What's the answer to issues with incomplete clinical trial data?
As Sanofi Clinical Study Director, Maarten Boomsma understands the importance of maintaining the integrity of Clinical Trials very well indeed, and his Case Study on the subject today was an object lesson. Poor practice or misconduct can devalue months or even years of hard work and ingenuity. At what point must we draw a line and say incomplete data is too big an issue to bypass?
At Conversis it’s our pleasure and privilege to work with clinicians who play by the rules, but even when we do exactly that, issues with incomplete data persist.
What happens when the distribution of observed data delivers notably different results from distribution of complete data? We can address these problems at source by doing everything possible to keep patients engaged and drastically cut dropout rate, and first we must understand the key reasons why patients drop out of trials. The individuals concerned may have medical issues that stop them participating. Or they may be dependent on a spouse for transportation, and if that person develops problems of their own the knock-on effect will be swift. By far the biggest issue, though, is trial protocols that simply aren’t patient-friendly. Maarten Boorsma’s thoughts on how to sidestep this problem were well-received:
Is your clinical trial providing an active drug at a certain time for all patients?
Are you focusing on a primary end point at the earliest possible date?
How well are you choosing your outcomes? Are you avoiding invasive procedures? Are you focusing on a small number of outcomes to avoid stretching the patient’s goodwill and confidence?
Are you allowing for dose reduction to give patients suffering adverse effects a period of recovery?

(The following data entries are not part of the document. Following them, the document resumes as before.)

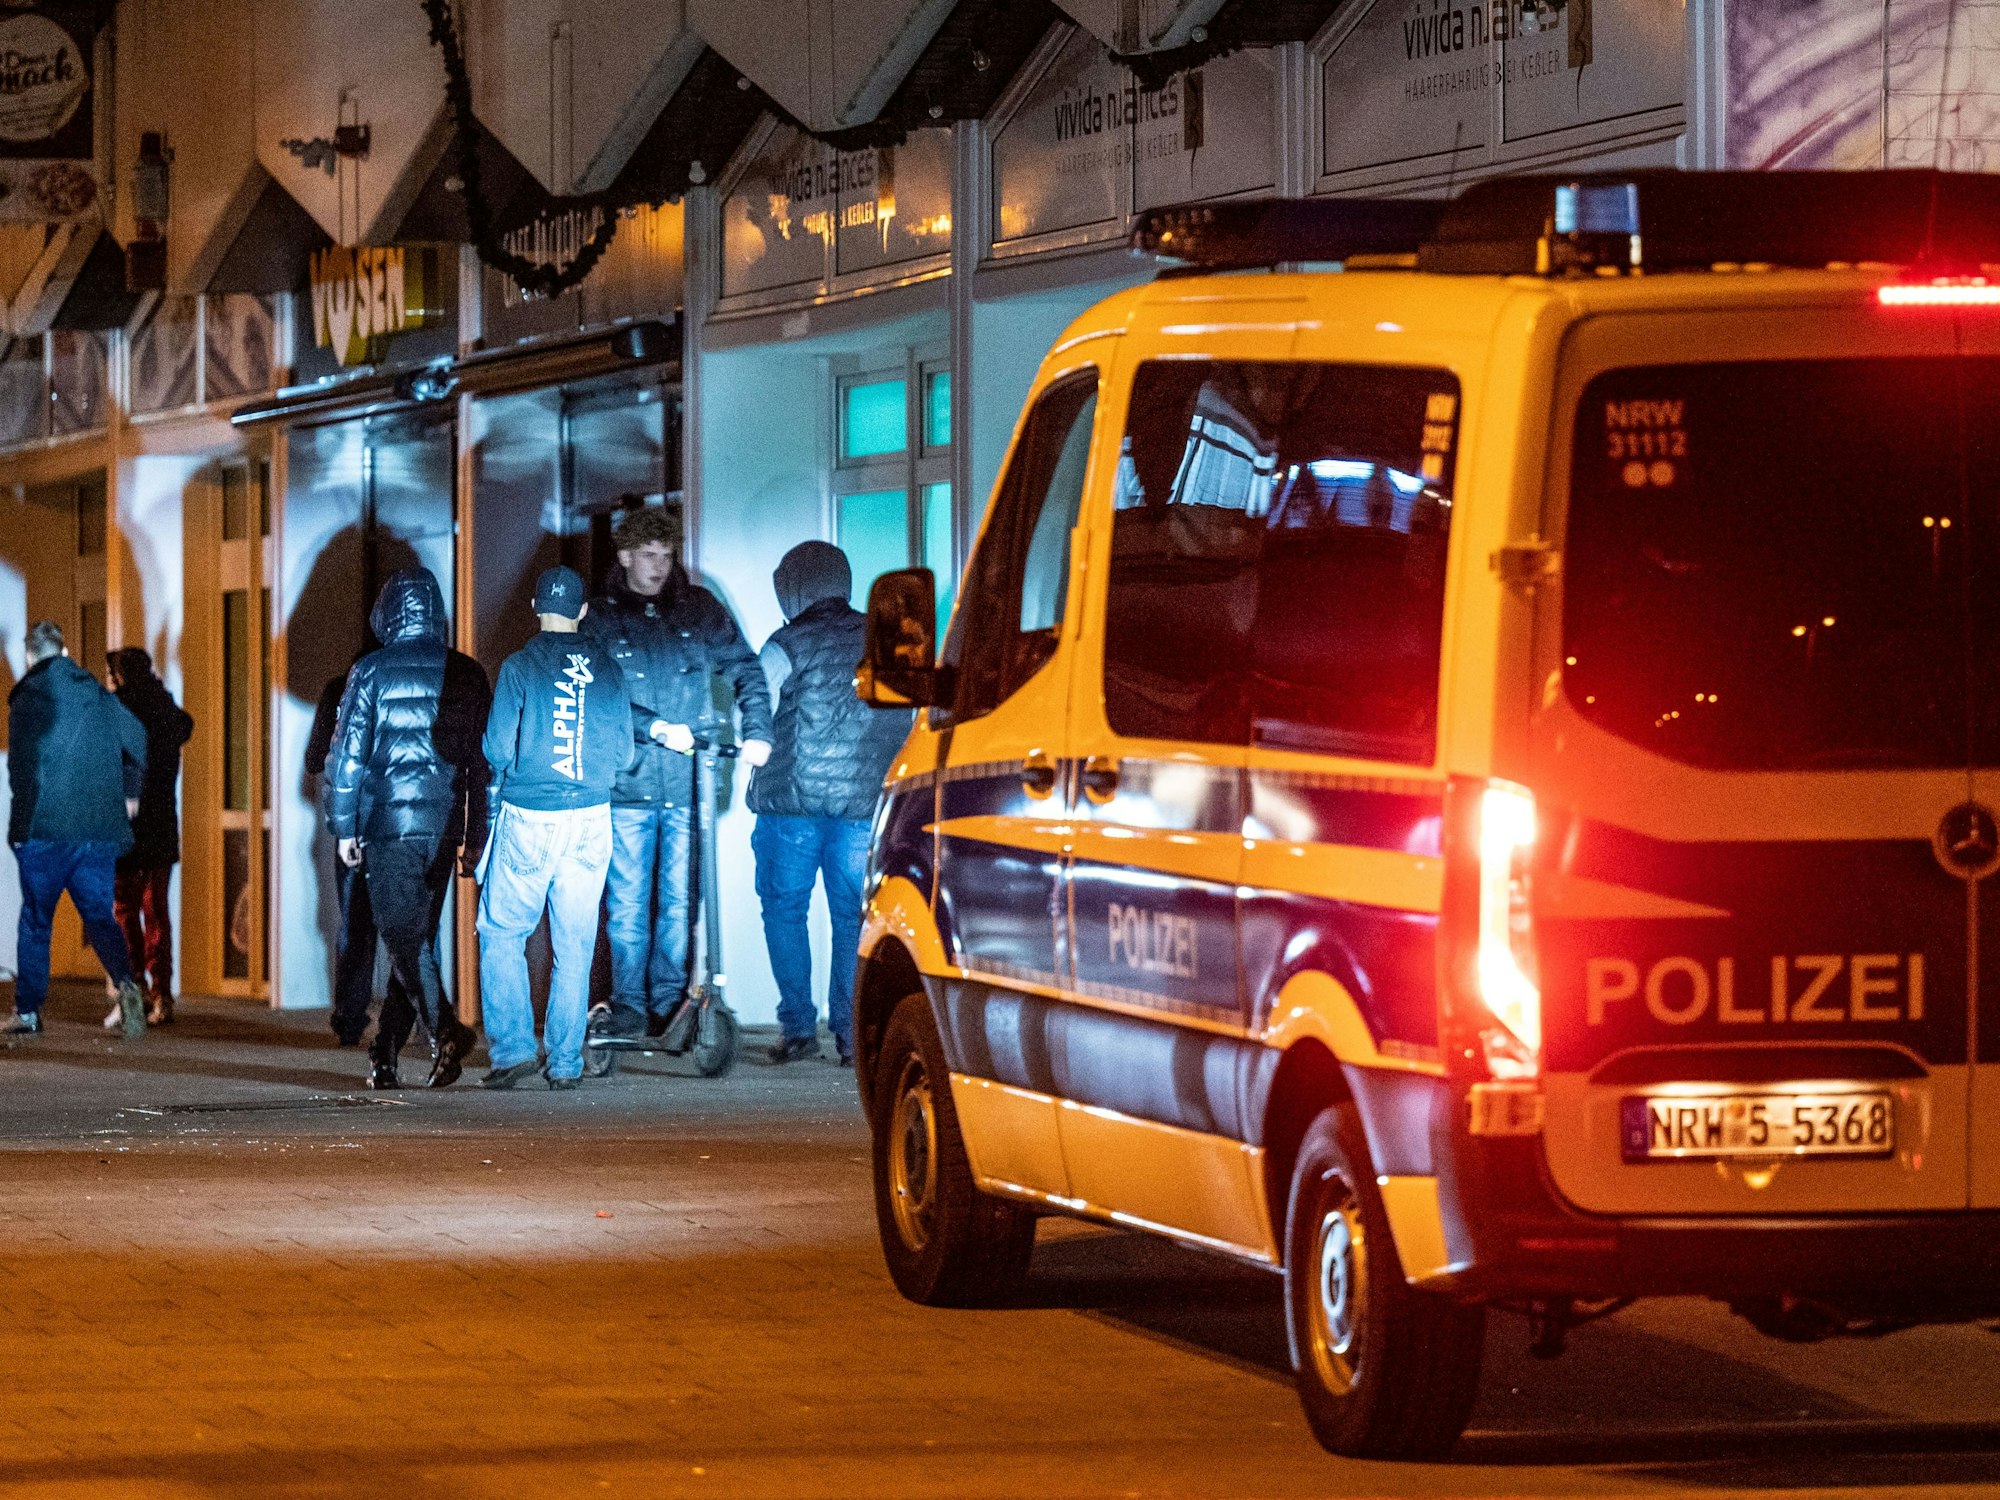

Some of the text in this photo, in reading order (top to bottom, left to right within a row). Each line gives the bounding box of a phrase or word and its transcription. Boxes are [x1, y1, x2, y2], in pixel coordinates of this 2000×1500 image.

[1403, 0, 1464, 61] vivida
[0, 46, 73, 92] nack
[1054, 85, 1102, 142] vivida
[1605, 400, 1683, 427] NRW
[1608, 431, 1686, 458] 31112
[550, 680, 577, 780] ALPHA
[1108, 903, 1198, 978] POLIZEI
[1585, 953, 1925, 1026] POLIZEI
[1651, 1105, 1725, 1149] NRW
[1749, 1102, 1887, 1146] 5-5368

Are you considering temporary discontinuation with a view to resumption in due course?
The more flexible we’re prepared to be at the outset, the more likely we are to achieve meaningful results at the end. When Sanofi announced positive results from their Soliqua diabetes trial this summer it was the result of hard work and good choices at every stage of the research, development and trial process. Clinicians considering Soliqua as part of a personalised treatment plan for diabetic patients have solid, verifiable data to inform them. That’s all we can ask for. Yes, prevention of excess data loss and patient dropout is both essential and achievable. And with prevention comes the possibility of cure. Thank you to Maarten Boomsma for sharing that positive message today.